Bihar, Jharkhand treat staff like guinea pigs’-SC

NEW DELHI: The Supreme Court on Friday rapped the Bihar and Jharkhand governments for abandoning constitutional responsibility and denying salary for a decade to employees of public sector undertakings which forced them to a state of despair.

The court came down heavily on the governments headed by Nitish Kumar and Hemant Soren for litigating incessantly and passing the buck about their responsibility to pay salaries to employees of PSUs Bihar Hill Area Lift Irrigation Corporation (Bhalco) and Jhalco - who were caught in the bifurcation of Bihar -- and taking a heartless stand that aggrieved employees could initiate winding up proceedings to recover their salaries.


A bench of Justices Anil R Dave and Dipak Misra said, "We can only say that the stand and stance so adroitly put forth by both the states are shorn of their constitutional accountability and statutory answerability."

Accusing the states of keeping "helpless and hapless people in a state of despair", the bench accepted the arguments of advocate Priya Hingorani to say, "It is the duty of the constitutional court (to ensure) that all should be paid their dues. It is not a case where we shall confine the relief to the respondents alone. Earlier, this court had constituted a committee and the state of Bihar had deposited Rs 50 crore for all the corporations and the employees working in Bhalco who were not paid salary from 1995 were proportionately paid."
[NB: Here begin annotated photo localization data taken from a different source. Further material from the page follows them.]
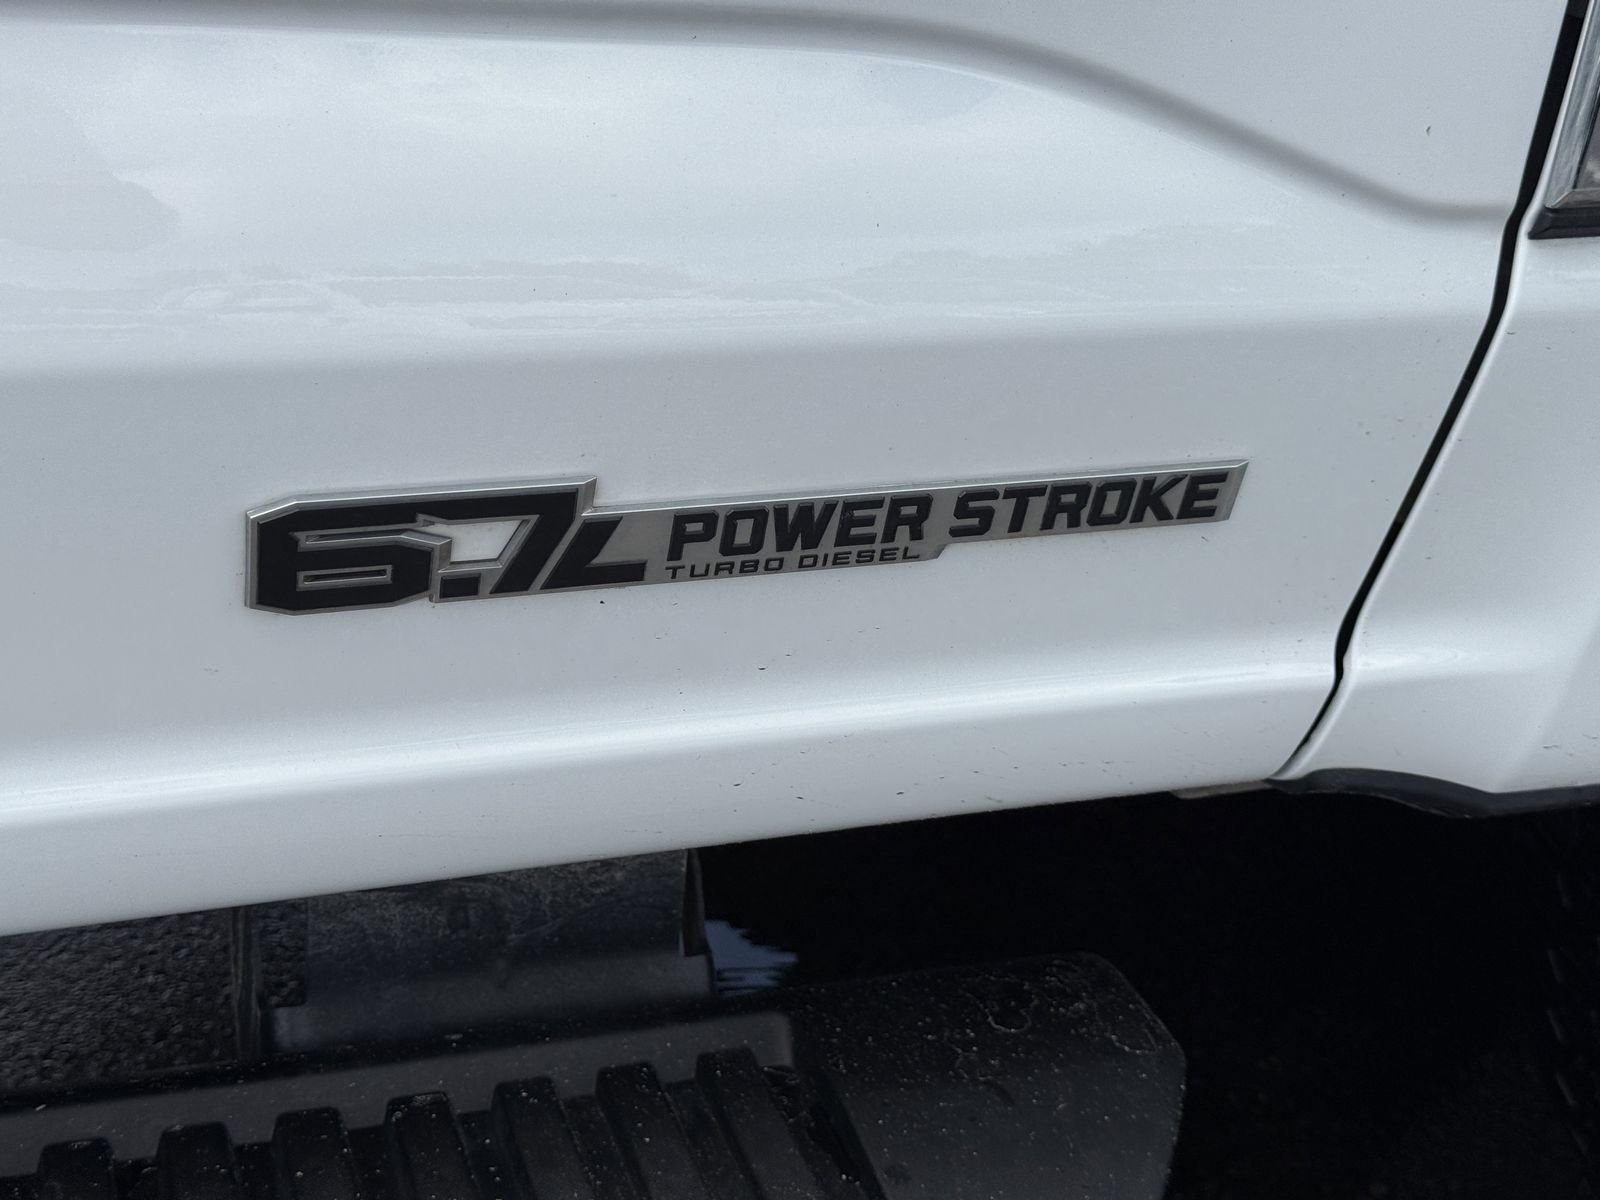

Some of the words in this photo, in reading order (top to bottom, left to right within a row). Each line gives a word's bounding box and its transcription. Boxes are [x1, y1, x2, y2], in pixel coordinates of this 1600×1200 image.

[256, 488, 648, 607] 6.7L
[666, 492, 934, 561] POWER
[948, 471, 1230, 538] STROKE
[665, 557, 786, 580] TURBO
[797, 546, 921, 569] DIESEL
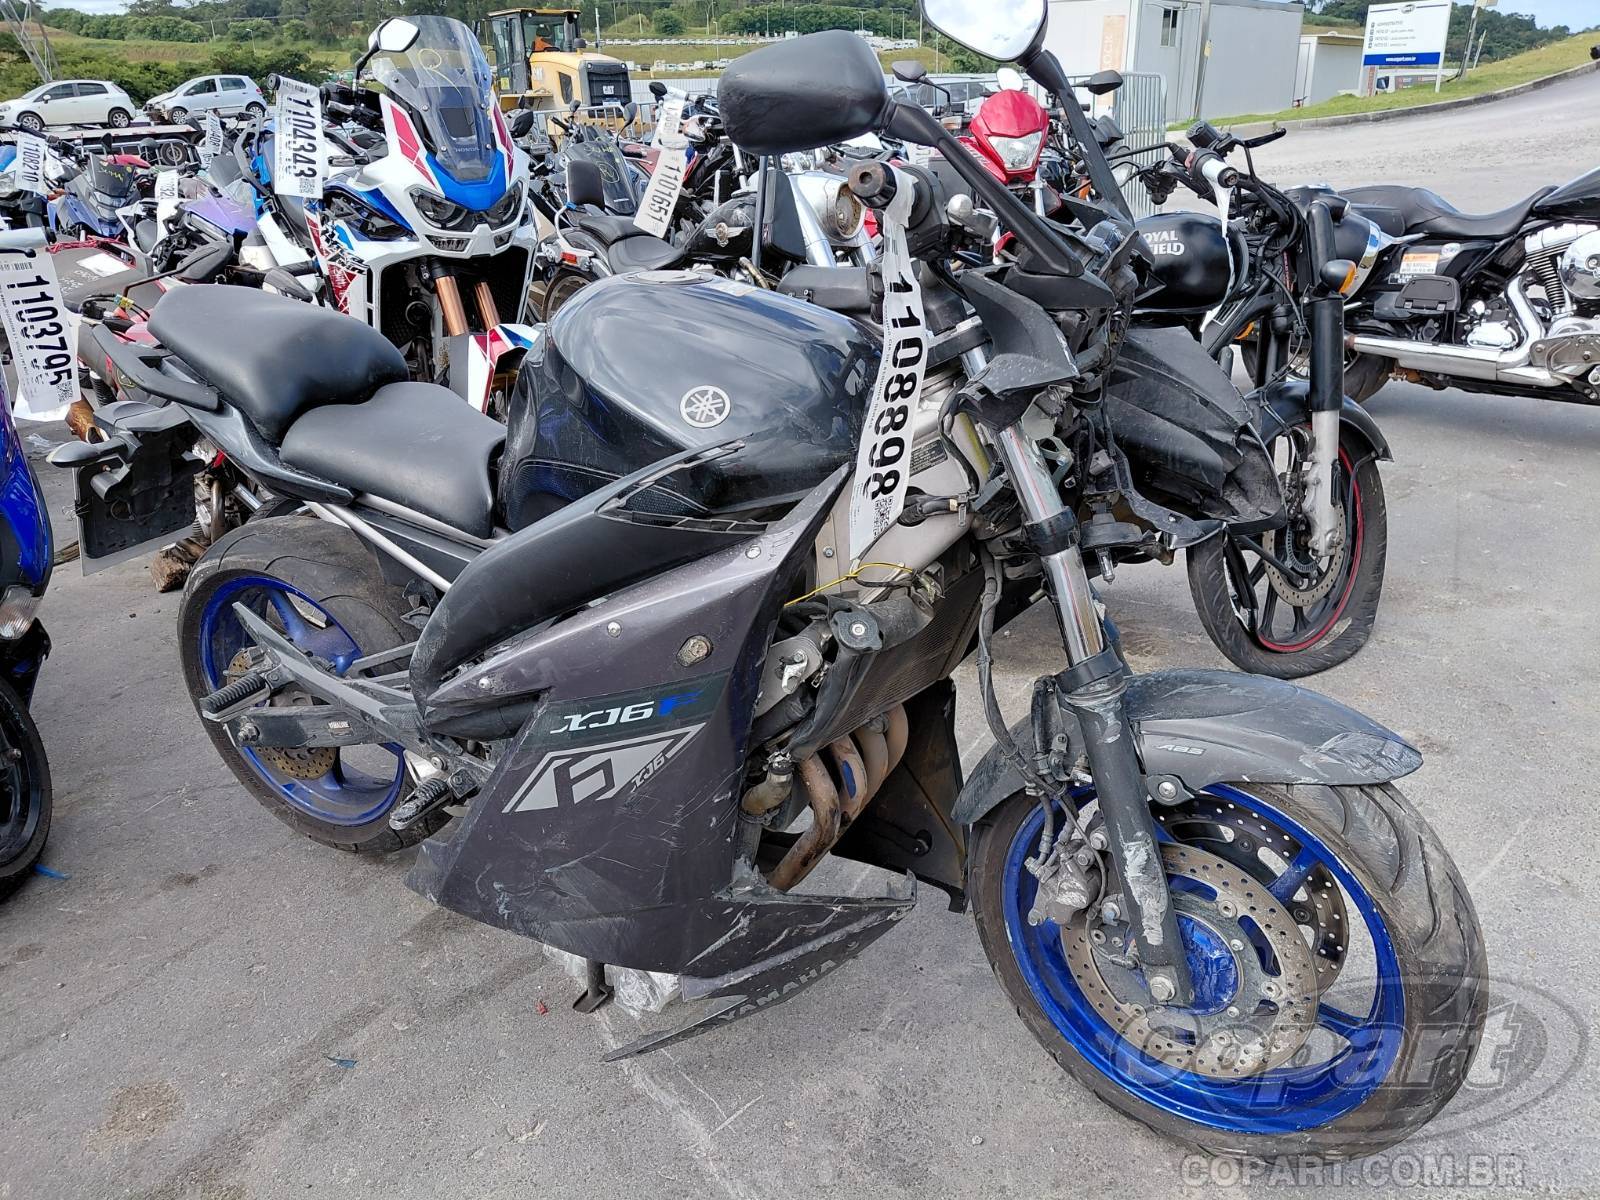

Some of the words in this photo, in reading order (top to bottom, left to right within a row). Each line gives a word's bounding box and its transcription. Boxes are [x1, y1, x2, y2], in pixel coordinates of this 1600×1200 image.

[286, 97, 317, 178] 1104343
[648, 164, 681, 224] 1101651
[1143, 230, 1178, 242] OYAL
[7, 275, 72, 385] 1103795
[863, 272, 923, 500] 1108898
[717, 959, 837, 1021] YAMAHA
Looking at the predicament of the employees who were reduced to penury because of non-payment of salaries and the insistence of the states that relief be limited to only those who have approached the court, Justice Misra said it would be applicable to all those who have been denied their wages, whether they have moved the court or not.

Writing the judgment for the bench, Justice Misra said, "A man in dire need cannot fight litigation against two experimenting states to get his dues. True, under the law there has been bifurcation and the central government has been assigned the role to settle the controversies that had to arise between the two states. But the experimentation that has been done with the employees, as if they were guinea pigs, is legally not permissible and absolutely unconscionable. It hurts the soul of the Constitution and no one has the right to do so."
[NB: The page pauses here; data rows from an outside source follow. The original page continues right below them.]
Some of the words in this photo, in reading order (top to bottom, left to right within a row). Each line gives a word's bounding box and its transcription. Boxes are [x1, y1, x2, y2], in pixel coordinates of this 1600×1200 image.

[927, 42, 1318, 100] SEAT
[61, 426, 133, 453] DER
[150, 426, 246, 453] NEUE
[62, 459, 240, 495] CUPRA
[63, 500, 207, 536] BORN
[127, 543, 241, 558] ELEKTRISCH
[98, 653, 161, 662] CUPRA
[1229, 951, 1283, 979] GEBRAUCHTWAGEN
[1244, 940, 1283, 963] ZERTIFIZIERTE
It directed, "The employees who were paid certain amount after this court had directed deposit of Rs 50 crore by the state of Bihar and have not been absorbed by Jhalco, they should be paid their salary from January 1, 1995 till December 29, 2001. The state of Jharkhand shall pay from December 29 till September 13, 2004."

It gave Bihar three months to pay up, while granting four months to comply with the direction and pay the dues with 7.5% interest.